··· DATASET CONTENT ···

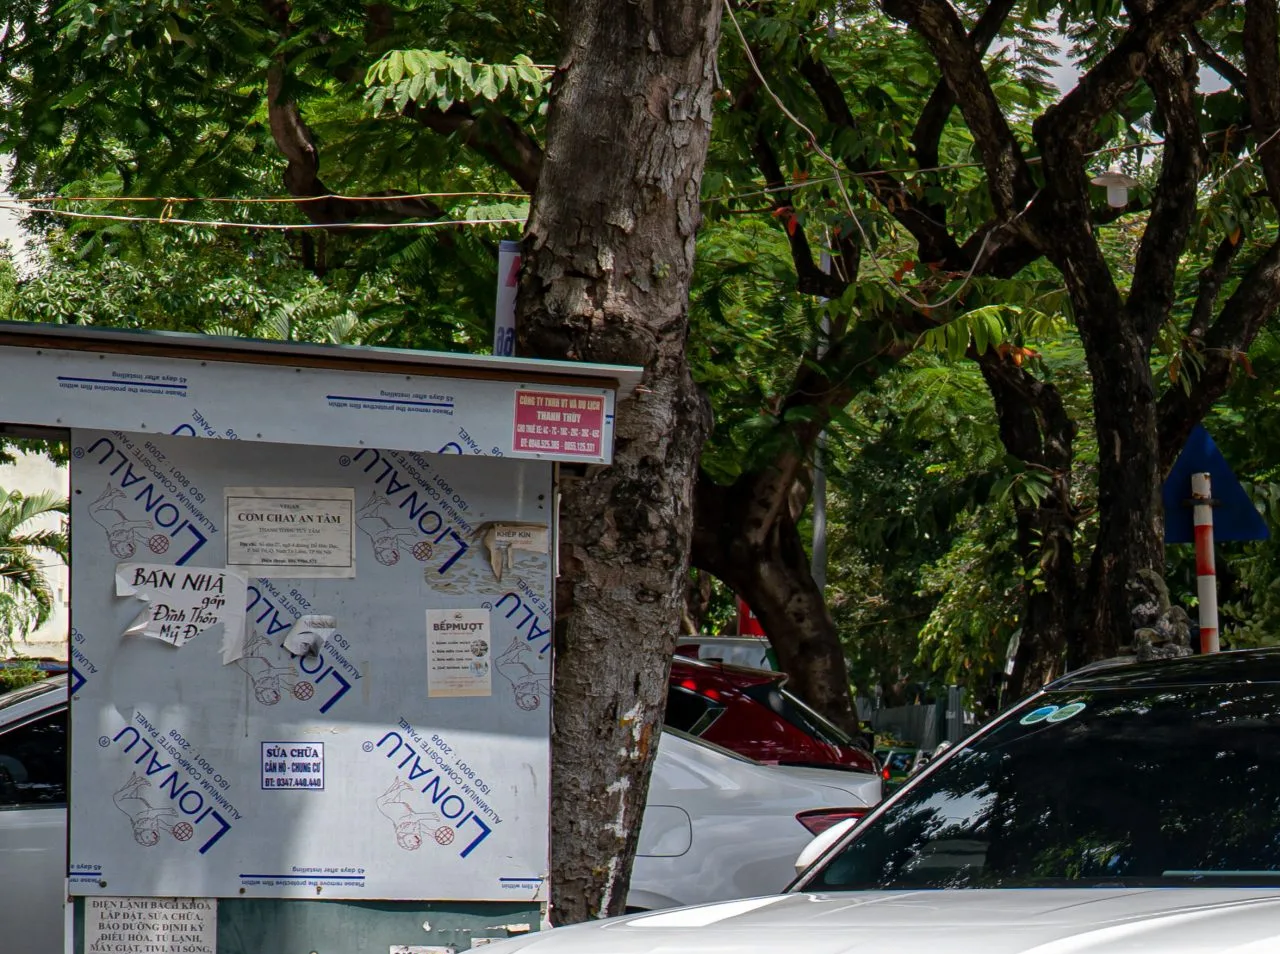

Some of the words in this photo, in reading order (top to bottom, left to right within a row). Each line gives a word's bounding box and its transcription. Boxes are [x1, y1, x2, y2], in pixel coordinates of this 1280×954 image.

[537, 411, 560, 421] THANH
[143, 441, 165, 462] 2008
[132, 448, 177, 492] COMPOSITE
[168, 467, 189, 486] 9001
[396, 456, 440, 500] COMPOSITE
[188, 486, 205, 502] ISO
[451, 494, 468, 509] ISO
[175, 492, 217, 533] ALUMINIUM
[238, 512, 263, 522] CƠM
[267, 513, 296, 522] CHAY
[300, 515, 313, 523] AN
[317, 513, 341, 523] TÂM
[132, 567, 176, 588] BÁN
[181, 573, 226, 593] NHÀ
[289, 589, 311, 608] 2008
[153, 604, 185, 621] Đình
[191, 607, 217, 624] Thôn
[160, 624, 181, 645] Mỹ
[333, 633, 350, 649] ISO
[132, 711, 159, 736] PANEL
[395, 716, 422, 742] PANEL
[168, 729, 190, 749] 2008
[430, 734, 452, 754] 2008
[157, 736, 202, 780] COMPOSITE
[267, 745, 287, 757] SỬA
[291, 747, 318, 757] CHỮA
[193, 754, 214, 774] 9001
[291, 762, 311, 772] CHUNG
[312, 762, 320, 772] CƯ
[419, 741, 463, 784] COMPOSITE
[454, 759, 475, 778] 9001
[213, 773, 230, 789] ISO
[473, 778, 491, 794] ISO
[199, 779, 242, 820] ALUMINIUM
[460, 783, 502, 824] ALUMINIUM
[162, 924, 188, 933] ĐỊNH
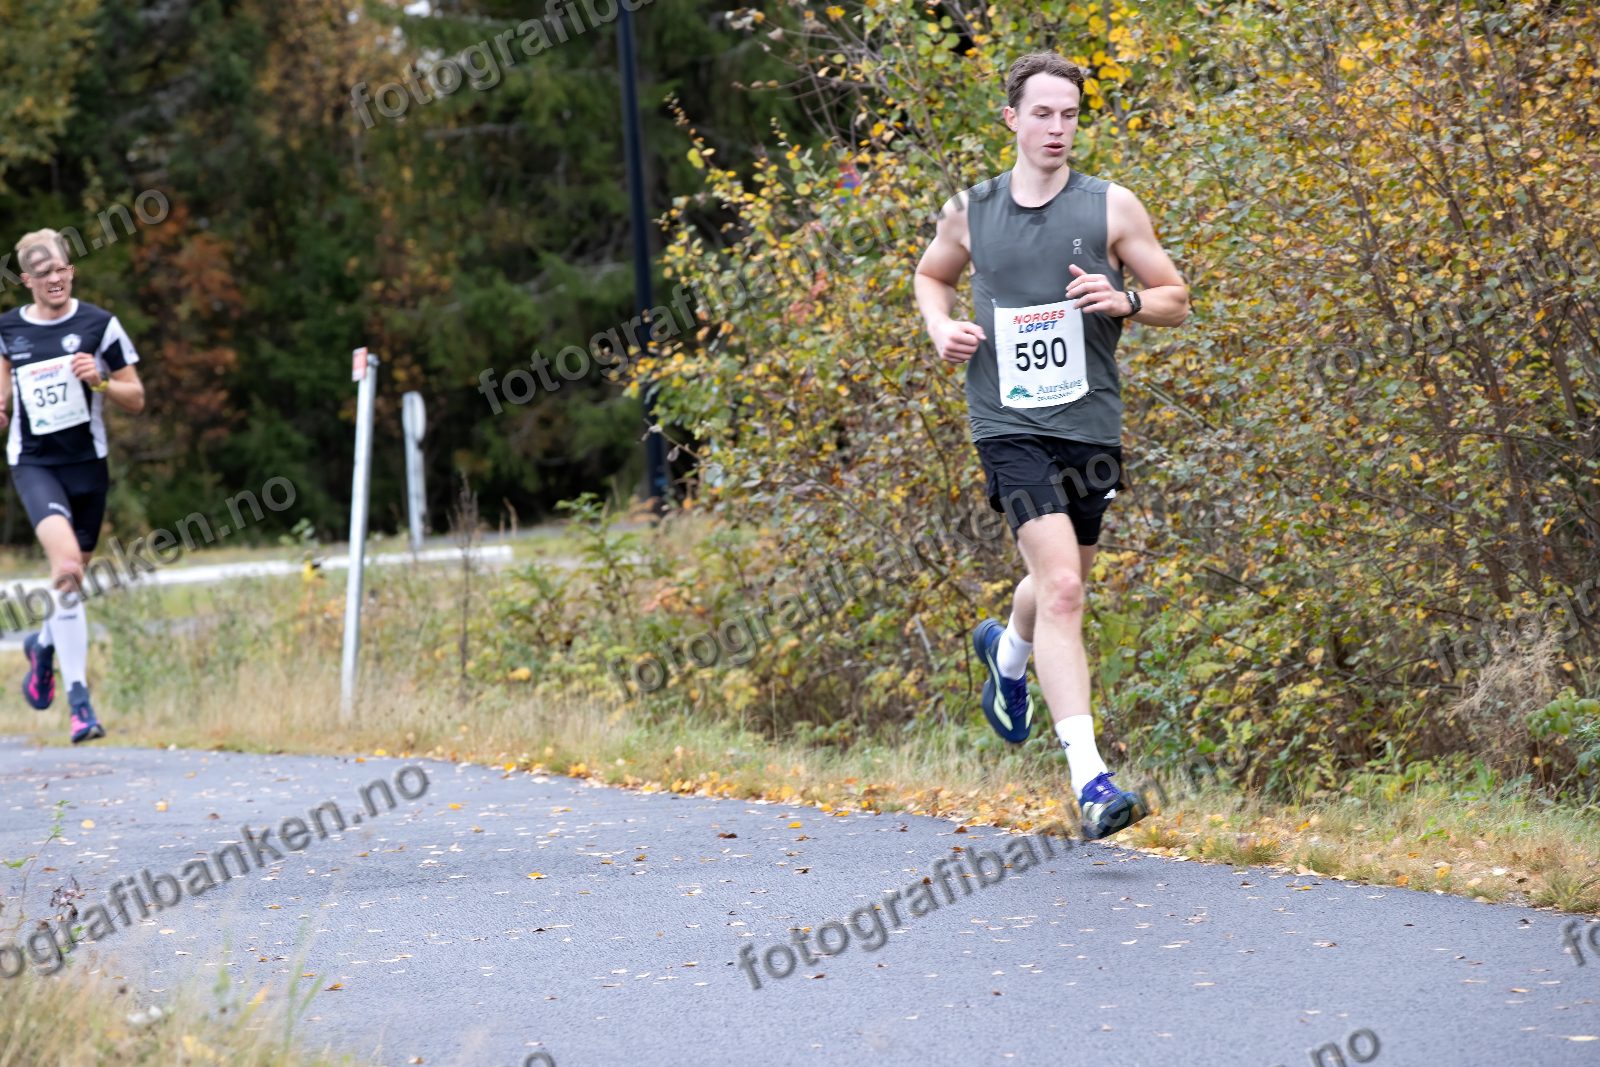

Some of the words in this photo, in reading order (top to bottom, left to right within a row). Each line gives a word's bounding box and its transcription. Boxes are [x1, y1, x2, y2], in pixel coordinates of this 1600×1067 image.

···

» ASSIGNED TASK
The whole of the data above needs retyping exactly, with pictures omitted.

» EXERCISE OUTPUT
Some of the words in this photo, in reading order (top to bottom, left to right within a row). Each line gives a word's bounding box and its transcription. Boxes are [x1, y1, x2, y2], in pixel coordinates of this 1280×954 image.

[537, 411, 560, 421] THANH
[143, 441, 165, 462] 2008
[132, 448, 177, 492] COMPOSITE
[168, 467, 189, 486] 9001
[396, 456, 440, 500] COMPOSITE
[188, 486, 205, 502] ISO
[451, 494, 468, 509] ISO
[175, 492, 217, 533] ALUMINIUM
[238, 512, 263, 522] CƠM
[267, 513, 296, 522] CHAY
[300, 515, 313, 523] AN
[317, 513, 341, 523] TÂM
[132, 567, 176, 588] BÁN
[181, 573, 226, 593] NHÀ
[289, 589, 311, 608] 2008
[153, 604, 185, 621] Đình
[191, 607, 217, 624] Thôn
[160, 624, 181, 645] Mỹ
[333, 633, 350, 649] ISO
[132, 711, 159, 736] PANEL
[395, 716, 422, 742] PANEL
[168, 729, 190, 749] 2008
[430, 734, 452, 754] 2008
[157, 736, 202, 780] COMPOSITE
[267, 745, 287, 757] SỬA
[291, 747, 318, 757] CHỮA
[193, 754, 214, 774] 9001
[291, 762, 311, 772] CHUNG
[312, 762, 320, 772] CƯ
[419, 741, 463, 784] COMPOSITE
[454, 759, 475, 778] 9001
[213, 773, 230, 789] ISO
[473, 778, 491, 794] ISO
[199, 779, 242, 820] ALUMINIUM
[460, 783, 502, 824] ALUMINIUM
[162, 924, 188, 933] ĐỊNH

Some of the words in this photo, in reading order (top to bottom, left to right within a row). Each line gives a word's bounding box and its transcription. Boxes are [x1, y1, x2, y2], in pixel coordinates of this 1600×1067 image.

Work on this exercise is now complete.